| 22:54 Uhr

Schäden an Bäumen vergleichsweise gering
Verband: Wälder nach Stürmen noch tagelang gefährlich

 Wer in rheinland-pfälzischen Wäldern unterwegs ist oder daran vorbeifährt, sollte vorsichtig sein: Es können weiterhin vom Sturm geschädigte Äste von den Bäumen abbrechen, warnt der Waldbesitzerverband.
Wer in rheinland-pfälzischen Wäldern unterwegs ist oder daran vorbeifährt, sollte vorsichtig sein: Es können weiterhin vom Sturm geschädigte Äste von den Bäumen abbrechen, warnt der Waldbesitzerverband. FOTO: dpa / Thomas Frey
Mainz. Die Januarstürme haben die Wälder kräftig durchgeschüttelt. Die Schäden an Bäumen sind vergleichsweise gering. Aber noch lauern Gefahren für Spaziergänger.

Nach den Januarstürmen „Burglind“ und „Friederike“ warnt der Waldbesitzerverband Rheinland-Pfalz jetzt Spaziergänger und Wanderer eindringlich vor Waldbesuchen. „Wenn aus 20 Metern ein Ast herunterfällt, kann das katastrophale Auswirkungen haben“, sagte der Geschäftsführer des Verbandes, Wolfgang Schuh.

Abgeknickte Äste, die sich im Dickicht verfangen haben, könnten sich schon bei kleinen Böen lösen – mit lebensgefährlichen Folgen. Das gelte selbst für kleine Äste. Waldbesucher sollten deshalb vorsichtig sein. Man dürfe nicht zu neugierig sein, wenn beispielsweise irgendwo Sägearbeiten vorgenommen würden, mahnte Schuh. Klar sei aber auch: „Sie können nicht einen ganzen Wald absperren.“

Auch auf den Baumbestand haben sich die Stürme ausgewirkt. Der Holzbestand hat sich nach Angaben des Umweltministeriums aufgrund der Stürme jeweils um etwa 180 000 Kubikmeter reduziert. Den Großteil machten demnach Schäden an Nadelbäumen aus.

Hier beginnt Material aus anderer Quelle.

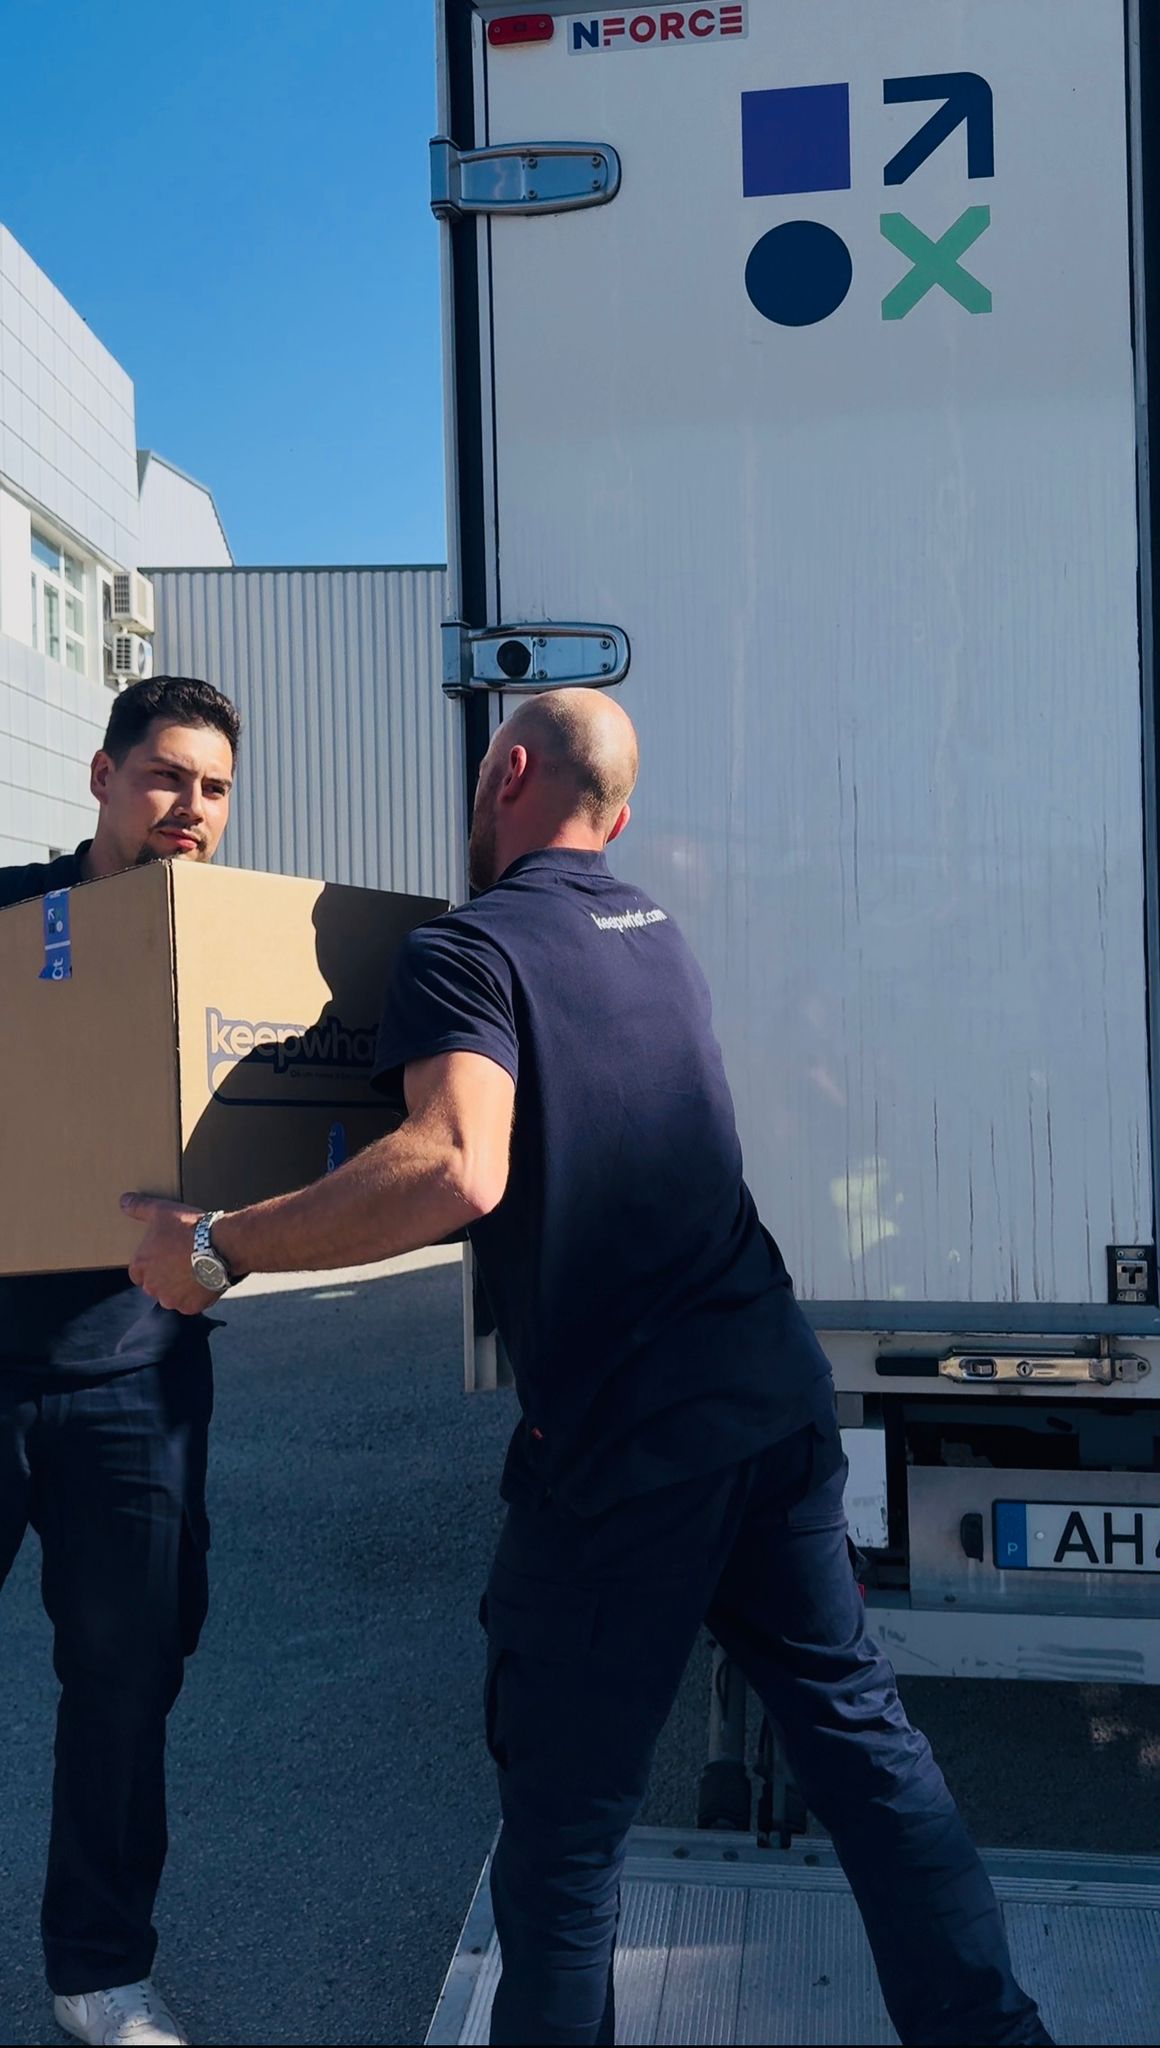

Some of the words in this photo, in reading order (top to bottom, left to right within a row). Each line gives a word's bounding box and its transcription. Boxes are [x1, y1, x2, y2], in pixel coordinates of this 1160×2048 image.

[573, 5, 743, 49] NFORCE
[590, 908, 668, 933] keepwhat.com
[1007, 1542, 1018, 1556] P
[1053, 1510, 1160, 1565] AH
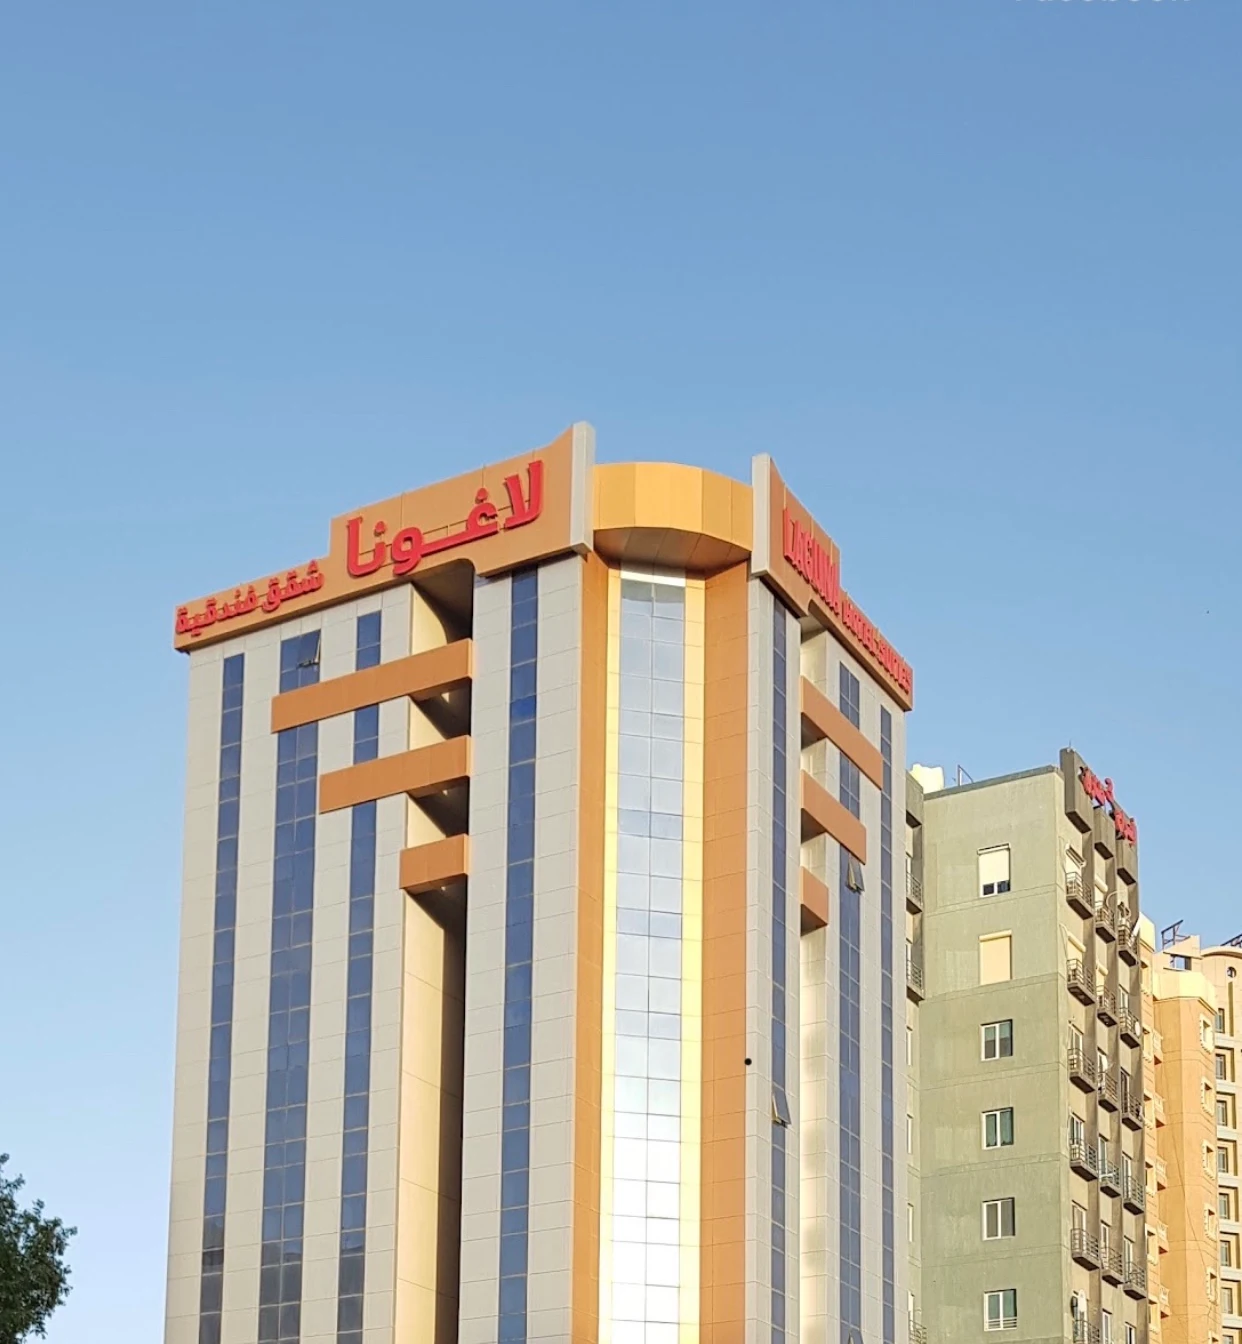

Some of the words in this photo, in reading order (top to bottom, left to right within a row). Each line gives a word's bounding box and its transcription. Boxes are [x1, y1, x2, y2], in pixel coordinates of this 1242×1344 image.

[346, 459, 543, 576] لاغونا
[262, 559, 325, 613] شقق
[783, 507, 840, 616] LAGUNA
[175, 584, 258, 638] فندقية
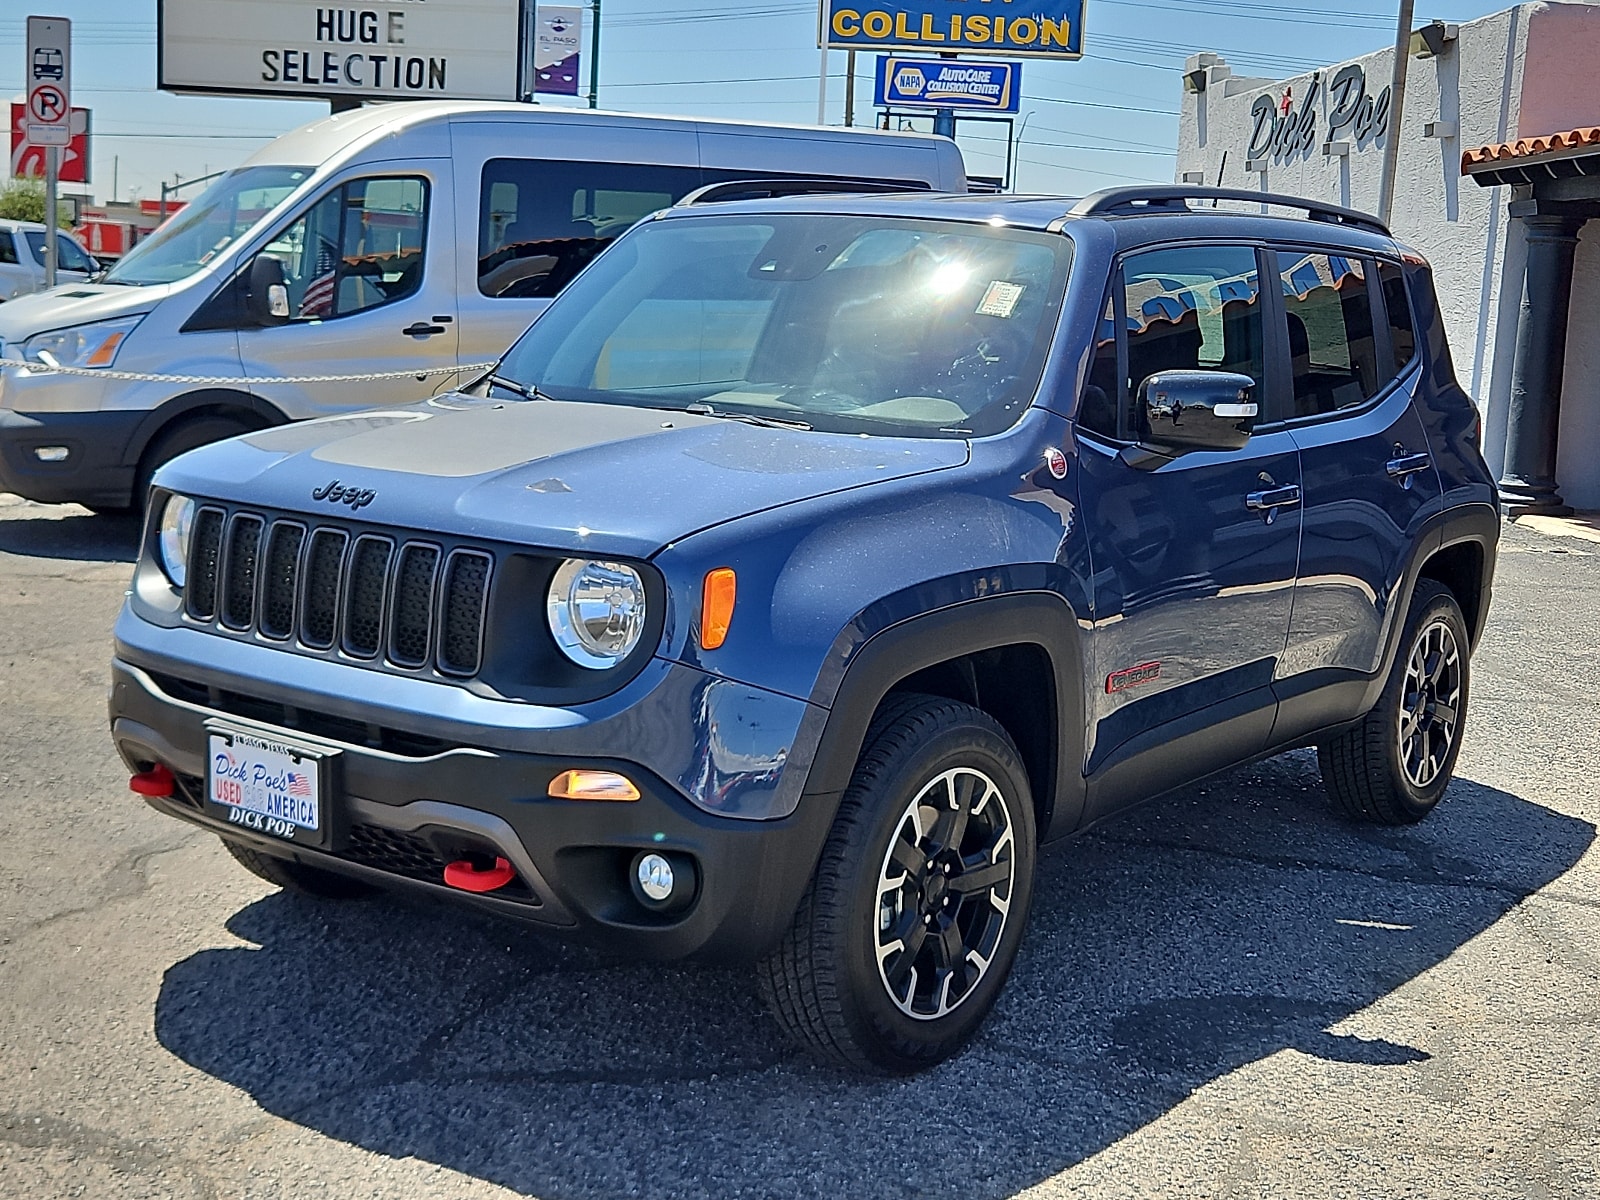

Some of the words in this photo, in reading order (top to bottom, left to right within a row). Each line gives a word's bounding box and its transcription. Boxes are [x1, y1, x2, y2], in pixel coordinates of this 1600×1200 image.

Insbesondere Fichten seien betroffen, erklärte der Waldbesitzerverband. Diese Baumart biete aufgrund ihrer grünen Krone im Winter eine große Angriffsfläche. Hinzu komme, dass der Boden während des Sturms wegen des Januarregens aufgeweicht gewesen sei. Die Bäume hätten deshalb keinen festen Stand gehabt. „Sturm ist immer ärgerlich. Aber so ist Natur“, bilanzierte Geschäftsführer Schuh.

Alles in allem ist der Schaden aber gering ausgefallen, wie eine Vergleichszahl zeigt. Der jährliche Holzeinschlag liegt dem Umweltministerium zufolge bei 3,5 Millionen Kubikmetern. Die Schadholzmenge aus beiden Stürmen führe daher zu keiner nennenswerten Beeinflussung des regionalen Holzmarkts.

„Wir sind mit einem blauen Auge davongekommen“, sagte auch Schuh. Nun würden die rheinland-pfälzischen Wälder überprüft. Brauchbares Bruchholz könne laut Schuh vermarktet werden. Der Großteil könne ohne größere Verluste verkauft werden.